→ **Prompt**:
Reproduce nothing but the lines from the one with "this 1530×1147 image." down to the last line of the data below.

▬▬▬▬▬▬▬▬▬▬

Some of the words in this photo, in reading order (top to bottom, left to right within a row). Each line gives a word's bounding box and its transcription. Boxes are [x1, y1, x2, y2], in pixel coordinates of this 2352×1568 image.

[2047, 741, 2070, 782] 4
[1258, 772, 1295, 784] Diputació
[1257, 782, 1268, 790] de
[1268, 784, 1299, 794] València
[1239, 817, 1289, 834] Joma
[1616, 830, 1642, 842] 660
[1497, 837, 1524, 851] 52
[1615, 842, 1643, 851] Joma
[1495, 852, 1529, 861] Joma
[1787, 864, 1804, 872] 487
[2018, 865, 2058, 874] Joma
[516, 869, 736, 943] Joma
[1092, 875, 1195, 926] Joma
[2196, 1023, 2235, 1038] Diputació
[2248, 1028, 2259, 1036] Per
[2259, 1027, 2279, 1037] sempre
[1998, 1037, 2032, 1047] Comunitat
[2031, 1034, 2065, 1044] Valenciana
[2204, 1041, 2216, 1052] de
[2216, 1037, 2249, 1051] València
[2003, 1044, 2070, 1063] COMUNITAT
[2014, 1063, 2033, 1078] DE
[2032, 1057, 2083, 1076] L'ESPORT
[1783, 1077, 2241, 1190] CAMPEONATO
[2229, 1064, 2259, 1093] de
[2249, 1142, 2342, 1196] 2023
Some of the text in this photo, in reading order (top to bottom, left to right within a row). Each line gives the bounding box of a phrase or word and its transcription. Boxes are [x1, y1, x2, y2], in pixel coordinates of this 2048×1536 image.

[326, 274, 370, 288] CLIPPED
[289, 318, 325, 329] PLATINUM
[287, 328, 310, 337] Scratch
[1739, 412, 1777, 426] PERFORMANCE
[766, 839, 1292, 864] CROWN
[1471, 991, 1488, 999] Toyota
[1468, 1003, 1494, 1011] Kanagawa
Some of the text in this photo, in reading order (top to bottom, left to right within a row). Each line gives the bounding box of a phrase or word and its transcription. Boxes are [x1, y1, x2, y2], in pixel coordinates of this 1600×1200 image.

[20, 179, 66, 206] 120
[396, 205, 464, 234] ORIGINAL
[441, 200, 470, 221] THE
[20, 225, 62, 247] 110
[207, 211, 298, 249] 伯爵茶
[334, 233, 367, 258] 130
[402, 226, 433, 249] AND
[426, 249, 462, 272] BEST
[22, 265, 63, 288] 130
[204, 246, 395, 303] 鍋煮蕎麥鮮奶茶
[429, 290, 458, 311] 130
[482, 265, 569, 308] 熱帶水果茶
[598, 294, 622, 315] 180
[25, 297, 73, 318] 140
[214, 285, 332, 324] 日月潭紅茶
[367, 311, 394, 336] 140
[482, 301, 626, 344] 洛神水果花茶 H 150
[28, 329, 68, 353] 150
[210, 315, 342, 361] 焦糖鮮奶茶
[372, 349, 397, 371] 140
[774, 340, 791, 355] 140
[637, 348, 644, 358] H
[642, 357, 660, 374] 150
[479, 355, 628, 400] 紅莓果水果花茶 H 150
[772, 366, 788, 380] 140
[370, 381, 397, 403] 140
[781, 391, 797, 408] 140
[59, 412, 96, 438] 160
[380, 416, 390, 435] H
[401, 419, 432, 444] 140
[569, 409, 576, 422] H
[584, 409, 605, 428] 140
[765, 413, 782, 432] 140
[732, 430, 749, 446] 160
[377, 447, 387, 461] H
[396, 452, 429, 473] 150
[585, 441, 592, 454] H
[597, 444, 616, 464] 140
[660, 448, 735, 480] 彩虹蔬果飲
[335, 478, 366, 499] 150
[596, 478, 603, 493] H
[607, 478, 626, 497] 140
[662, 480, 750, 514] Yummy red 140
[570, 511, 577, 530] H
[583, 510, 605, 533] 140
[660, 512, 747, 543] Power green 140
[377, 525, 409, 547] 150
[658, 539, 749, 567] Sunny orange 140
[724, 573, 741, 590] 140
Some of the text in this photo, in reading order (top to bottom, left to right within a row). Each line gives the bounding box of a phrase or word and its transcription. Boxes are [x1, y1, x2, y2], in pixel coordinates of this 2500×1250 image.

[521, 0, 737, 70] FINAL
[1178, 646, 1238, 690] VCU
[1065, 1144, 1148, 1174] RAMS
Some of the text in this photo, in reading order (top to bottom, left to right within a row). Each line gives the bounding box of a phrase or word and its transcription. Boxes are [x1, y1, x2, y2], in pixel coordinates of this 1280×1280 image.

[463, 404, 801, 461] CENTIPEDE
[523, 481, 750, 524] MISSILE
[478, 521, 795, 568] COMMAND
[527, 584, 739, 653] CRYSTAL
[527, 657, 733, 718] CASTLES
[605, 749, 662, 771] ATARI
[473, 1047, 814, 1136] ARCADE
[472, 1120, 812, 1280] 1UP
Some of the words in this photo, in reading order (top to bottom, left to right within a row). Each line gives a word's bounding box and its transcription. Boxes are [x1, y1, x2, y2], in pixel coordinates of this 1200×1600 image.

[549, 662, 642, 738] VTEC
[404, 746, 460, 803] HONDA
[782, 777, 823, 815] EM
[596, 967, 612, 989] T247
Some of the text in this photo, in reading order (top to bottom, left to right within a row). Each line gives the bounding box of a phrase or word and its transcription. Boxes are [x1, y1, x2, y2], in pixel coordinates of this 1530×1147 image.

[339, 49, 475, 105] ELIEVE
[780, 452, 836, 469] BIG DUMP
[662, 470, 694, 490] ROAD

▬▬▬▬▬▬▬▬▬▬

→ **Task solution**:
Some of the text in this photo, in reading order (top to bottom, left to right within a row). Each line gives the bounding box of a phrase or word and its transcription. Boxes are [x1, y1, x2, y2], in pixel coordinates of this 1530×1147 image.

[339, 49, 475, 105] ELIEVE
[780, 452, 836, 469] BIG DUMP
[662, 470, 694, 490] ROAD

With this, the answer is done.